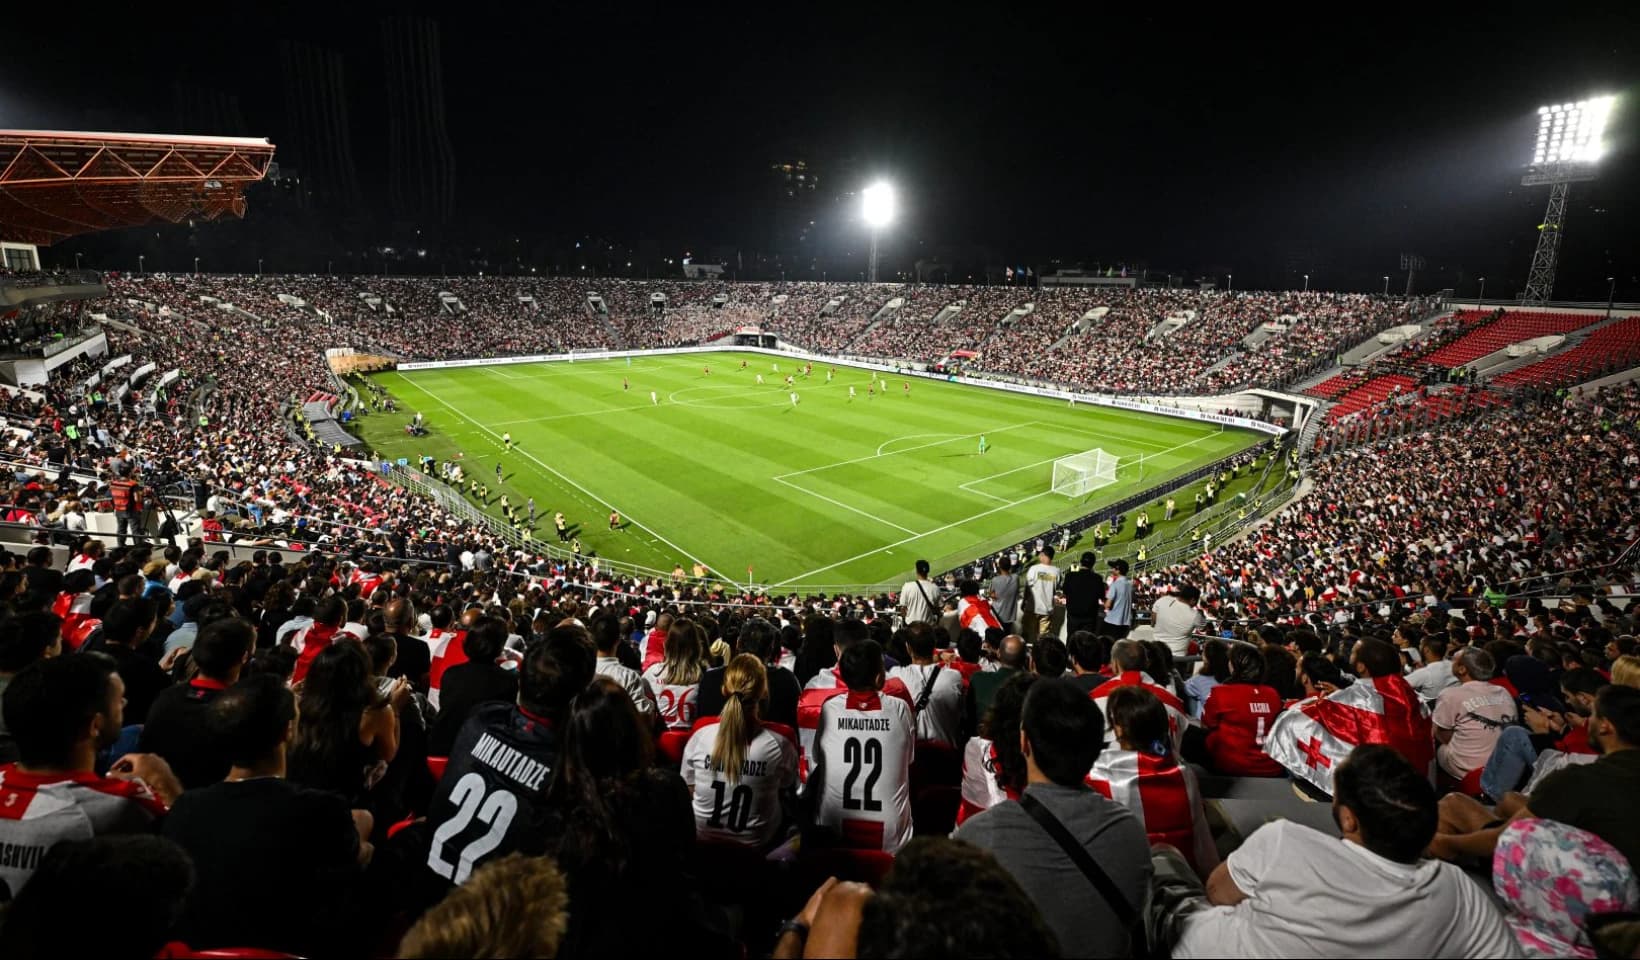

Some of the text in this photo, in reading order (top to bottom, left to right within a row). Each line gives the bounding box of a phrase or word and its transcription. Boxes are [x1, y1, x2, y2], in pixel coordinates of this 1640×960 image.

[659, 688, 697, 723] 26
[838, 718, 891, 731] MIKAUTADZE
[471, 732, 550, 791] MIKAUTADZE
[843, 737, 882, 812] 22
[427, 772, 518, 886] 22
[706, 780, 753, 832] 10

= = = =

YOUR OBJECTIVE =
Print out the records in full and exactly, dropping every picture.

WRITTEN RESPONSE =
Some of the text in this photo, in reading order (top to bottom, left to right within a row). Each line gives the bounding box of a phrase or word and its transcription. Boxes are [x1, y1, x2, y2], in pixel coordinates of this 1640×960 image.

[659, 688, 697, 723] 26
[838, 718, 891, 731] MIKAUTADZE
[471, 732, 550, 791] MIKAUTADZE
[843, 737, 882, 812] 22
[427, 772, 518, 886] 22
[706, 780, 753, 832] 10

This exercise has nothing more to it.